Figure 3. A core regulatory sequence is necessary for LacZ reporter expression in the laryngeal epithelium.

Two series of stepwise deletion constructs generated for functional dissection of MACS1, and results of the LacZ reporter assay (a). Upper left: a series of the first deletion constructs in the 807-bp DNA fragment that is sufficient for enhancer activity of MACS1 (c1, c4, c5), or in a longer 1,264-bp fragment (c2, c3). Dashed lines mark the deleted segment in each construct. Upper right: result of the transgenic assays for the deletion constructs using mouse embryos. For each construct, the fraction of embryos exhibiting reproducible reporter expression in the larynx, lung and gut relative to the total number of transgene-positive embryos at E11.5 is shown.

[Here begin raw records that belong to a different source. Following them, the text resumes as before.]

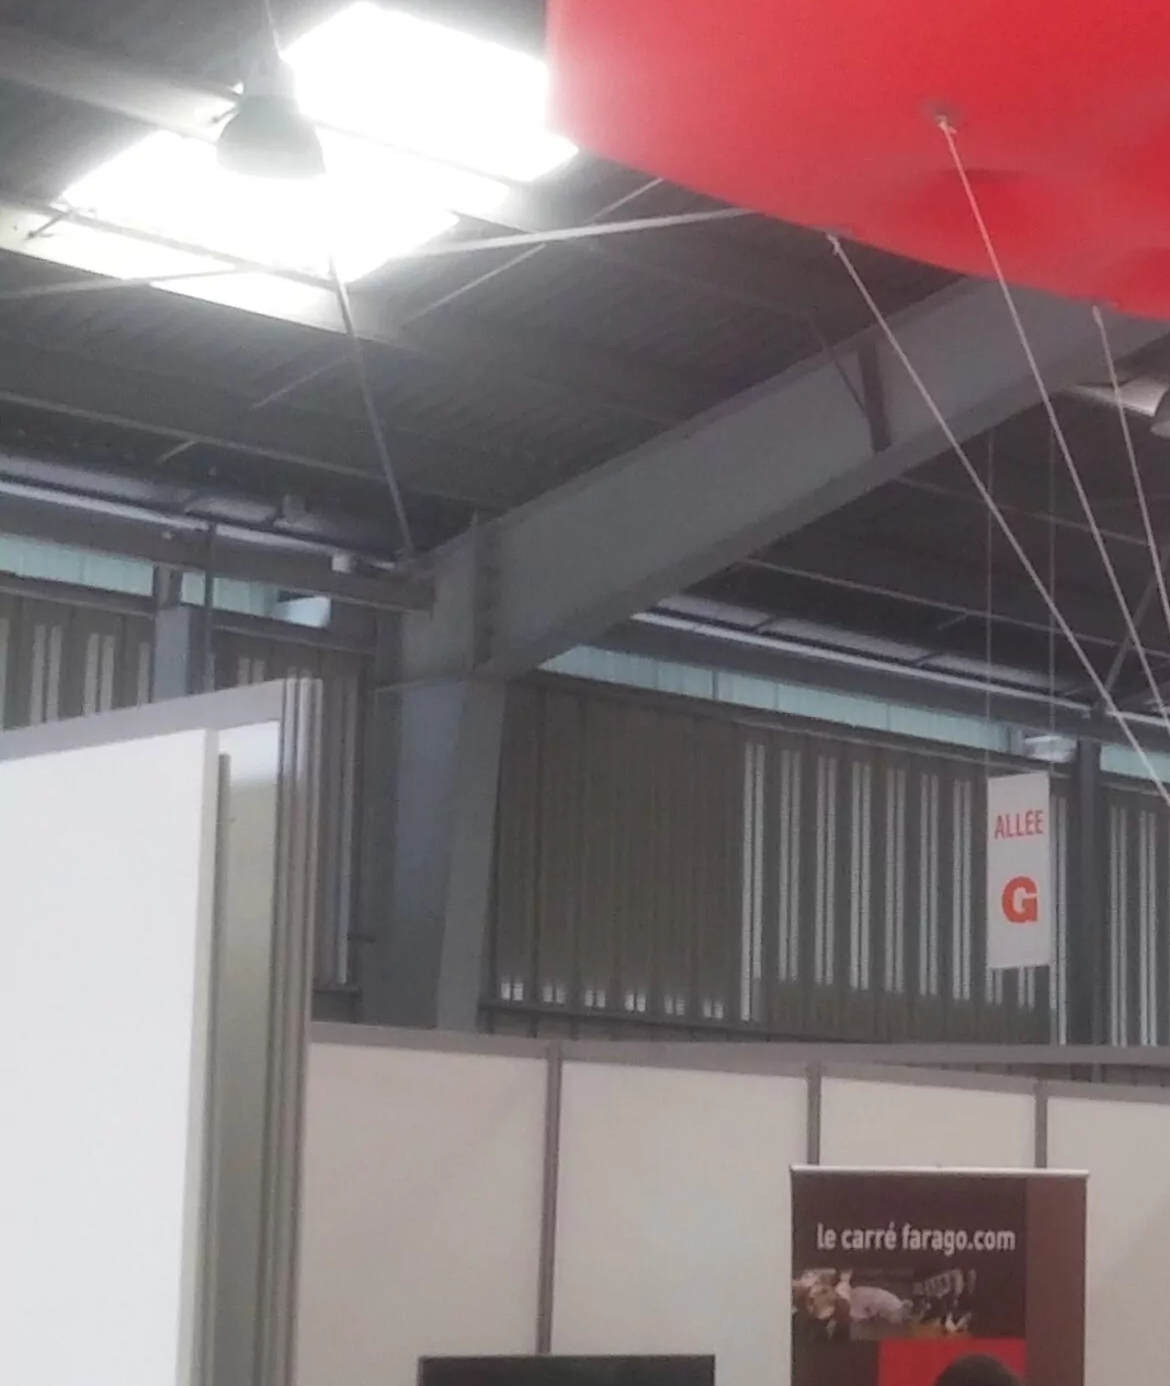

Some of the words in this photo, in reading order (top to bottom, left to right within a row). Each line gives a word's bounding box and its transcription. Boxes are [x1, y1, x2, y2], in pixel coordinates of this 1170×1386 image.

[1001, 875, 1038, 924] G
[817, 1223, 837, 1250] le
[841, 1221, 897, 1250] carré
[902, 1223, 1016, 1256] farago.com
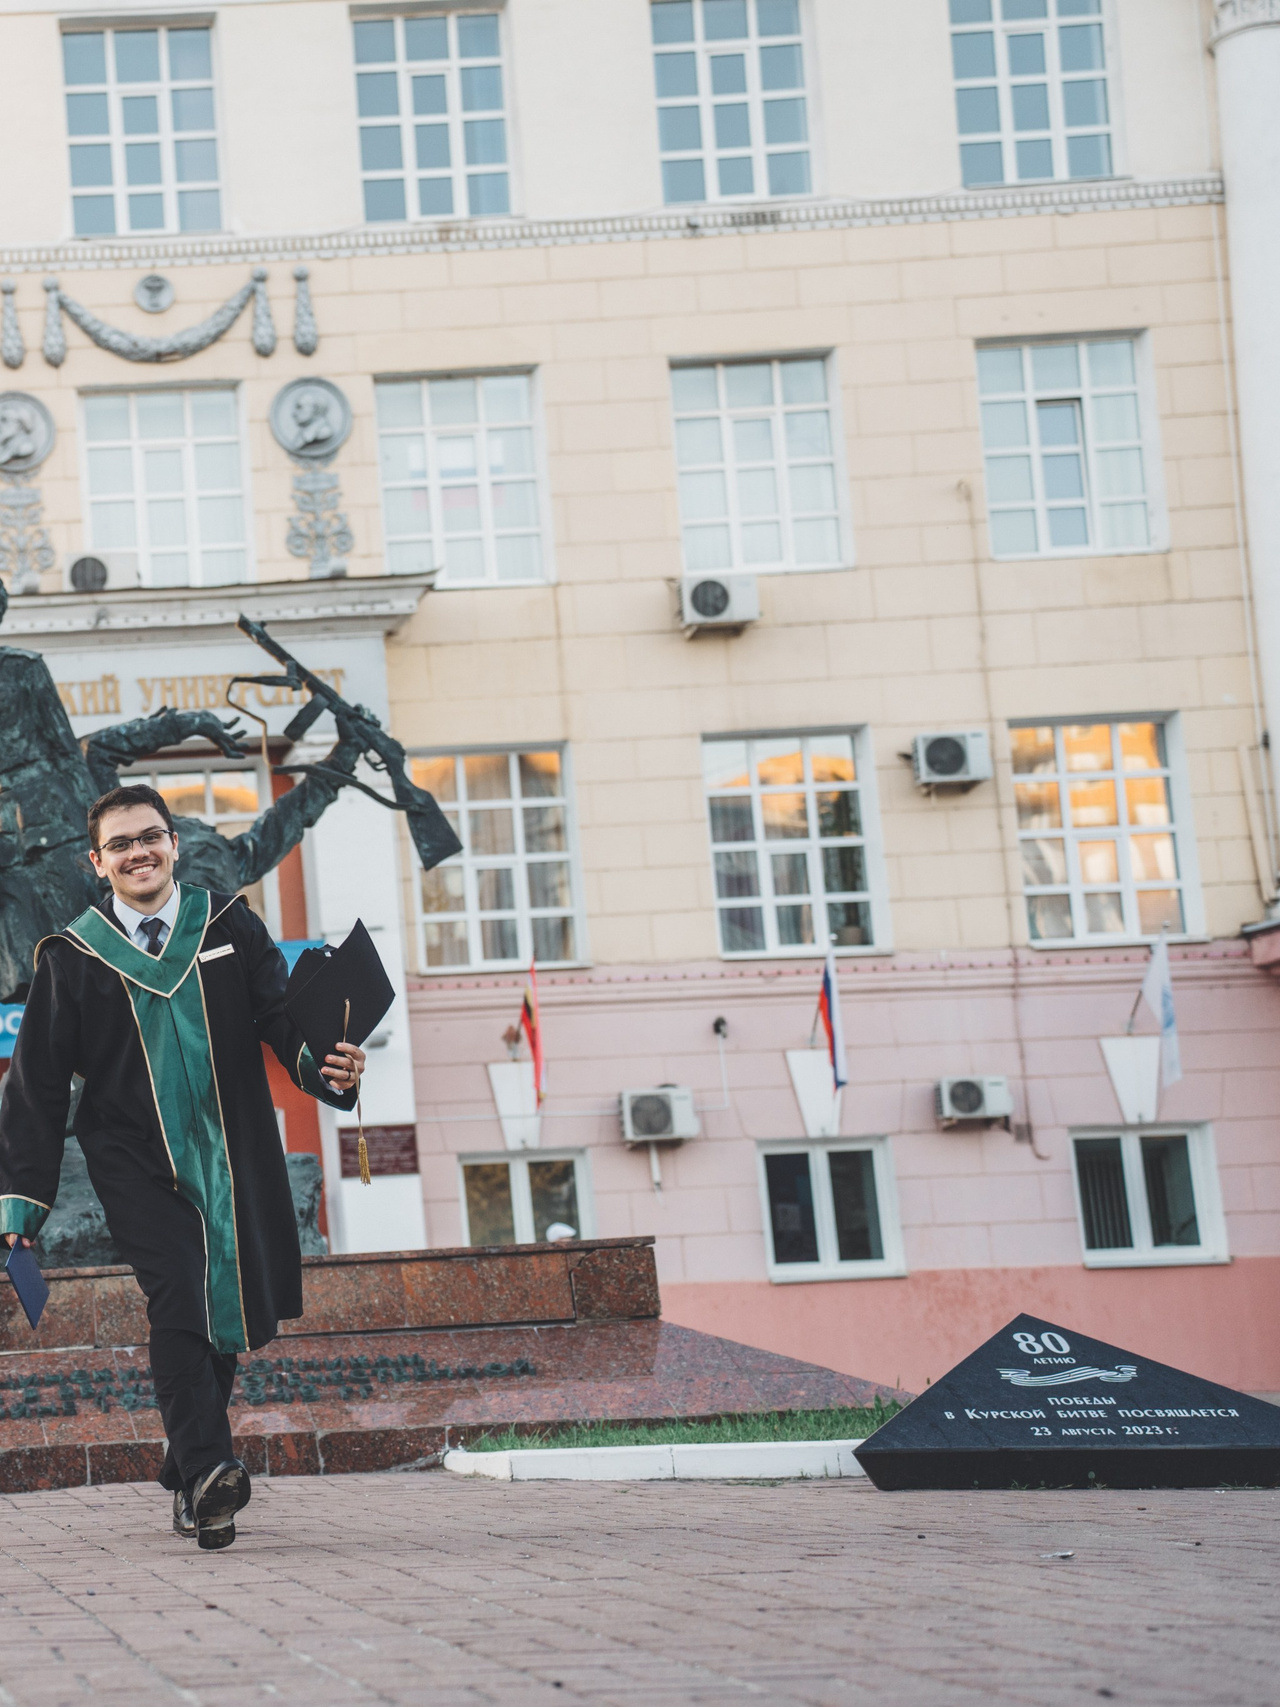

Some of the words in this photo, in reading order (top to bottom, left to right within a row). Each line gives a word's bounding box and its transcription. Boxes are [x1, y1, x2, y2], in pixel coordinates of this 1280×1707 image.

[136, 668, 345, 713] УНИВЕРСИТ
[1012, 1331, 1071, 1355] 80
[1033, 1356, 1077, 1365] ЛЕТИЮ
[1047, 1396, 1117, 1406] ПОБЕДЫ
[964, 1408, 1047, 1420] КУРСКОЙ
[1056, 1409, 1109, 1419] БИТВЕ
[1030, 1426, 1053, 1437] 23
[1061, 1427, 1117, 1436] АВГУСТА
[1121, 1425, 1164, 1436] 2023
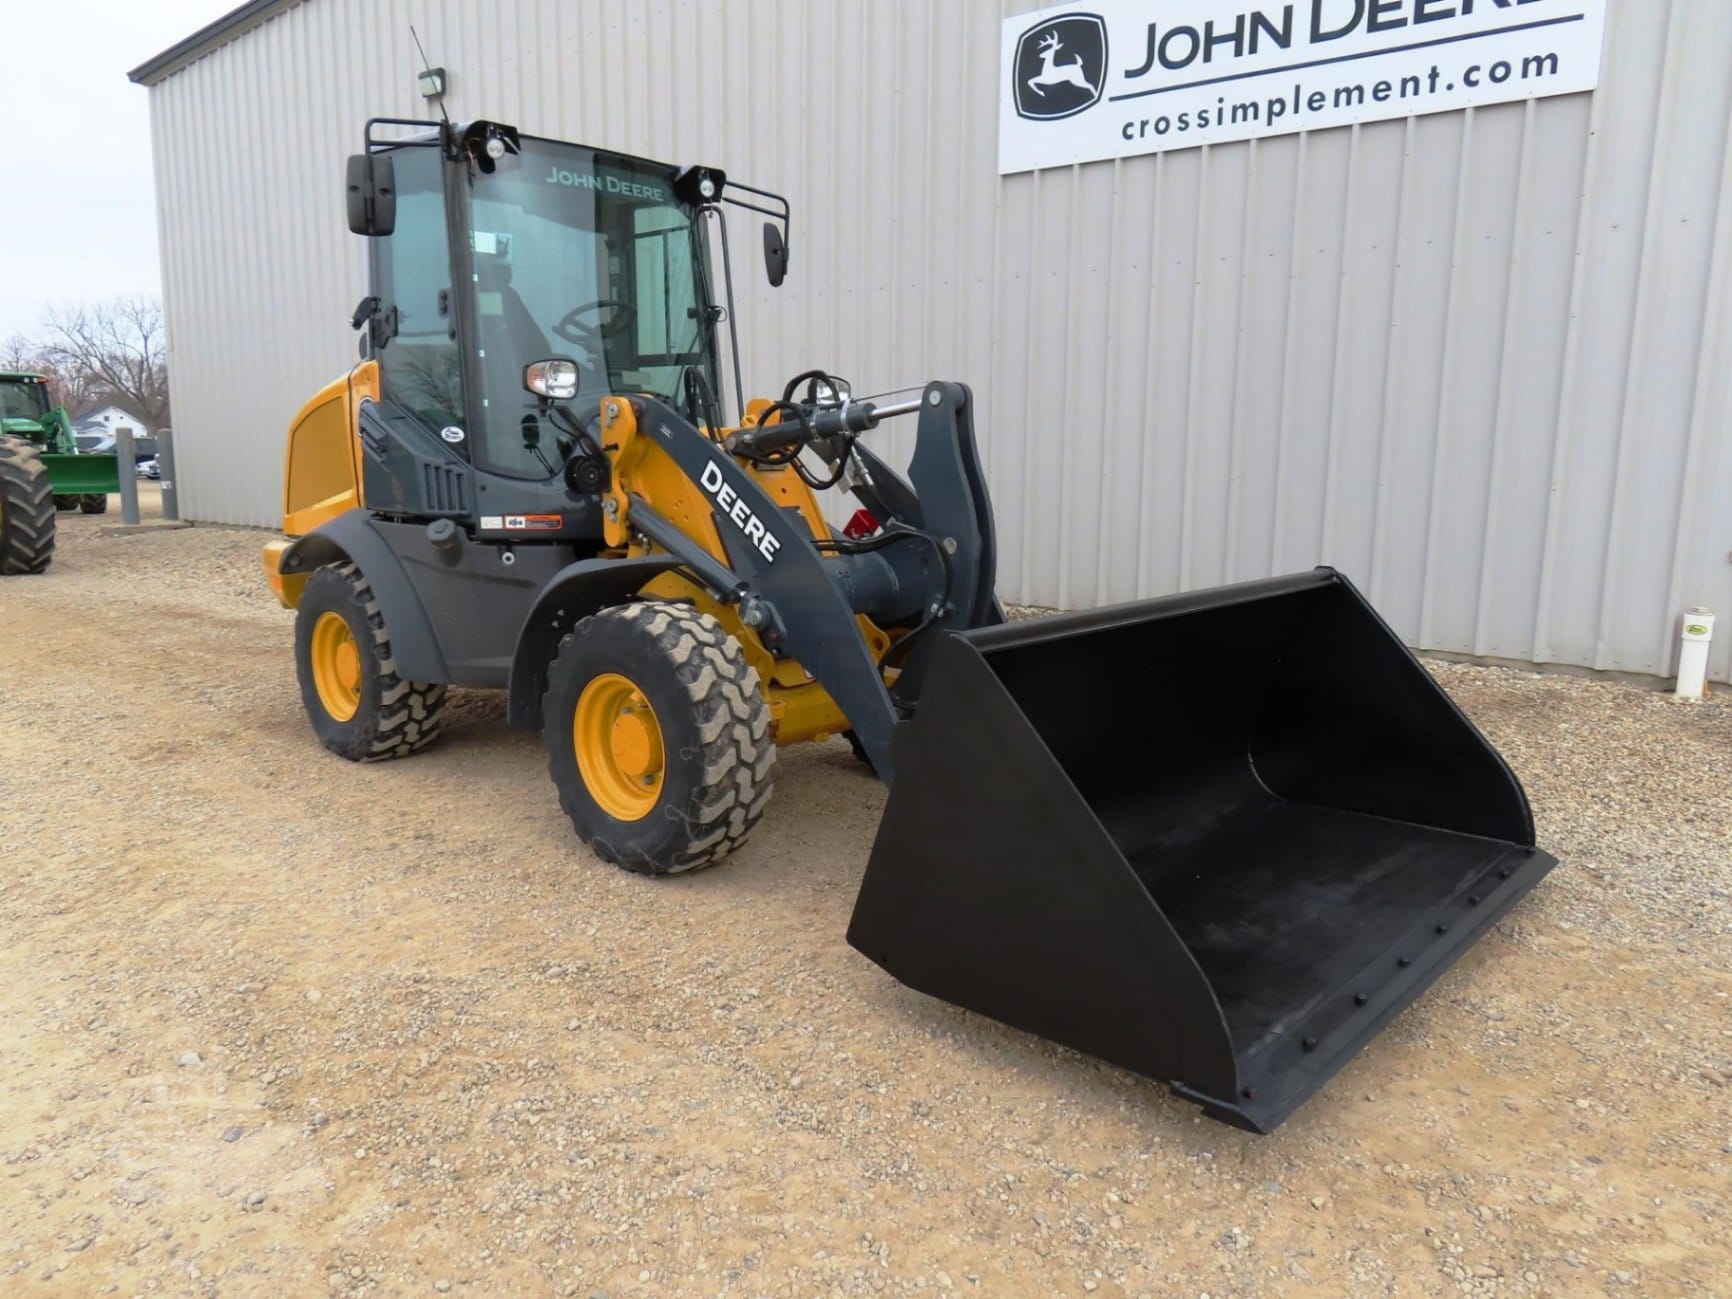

The result indicated that the green coloured area of 29-bp is a critical region necessary for laryngeal expression. Block-m and Block-p contain the regulatory sequences necessary for expression in the lung and gut, respectively. Lower left: a second series of deletion and mutant constructs (c6 – c10) in the 807-bp fragment to delineate a core sequence (yellow coloured area) within the highly conserved 29-bp sequence (see also Supplementary Fig. 5). In the construct c11, three bases in the Fox-binding core motif are substituted from T to C (blue letters). Lower right: result of the transgenic assays for the second deletion constructs using mouse embryos. Representative reporter expression patterns in transverse sections of the transgenic embryos (b). Labels to the left of each image identify the transgenic constructs in (a). Black and white arrowheads depict presence and absence of the reporter expression specifically in the ventral laryngeal epithelium, respectively. Deletions that removed the Fox-binding core motif and its flanking sequences (c7–c9), and base substitutions in the Fox-binding core motif (c11), specifically abolished reporter expression in the laryngeal epithelia. Scale bars, 200 μm. Le, laryngeal epithelia; Lt, laryngotracheal groove.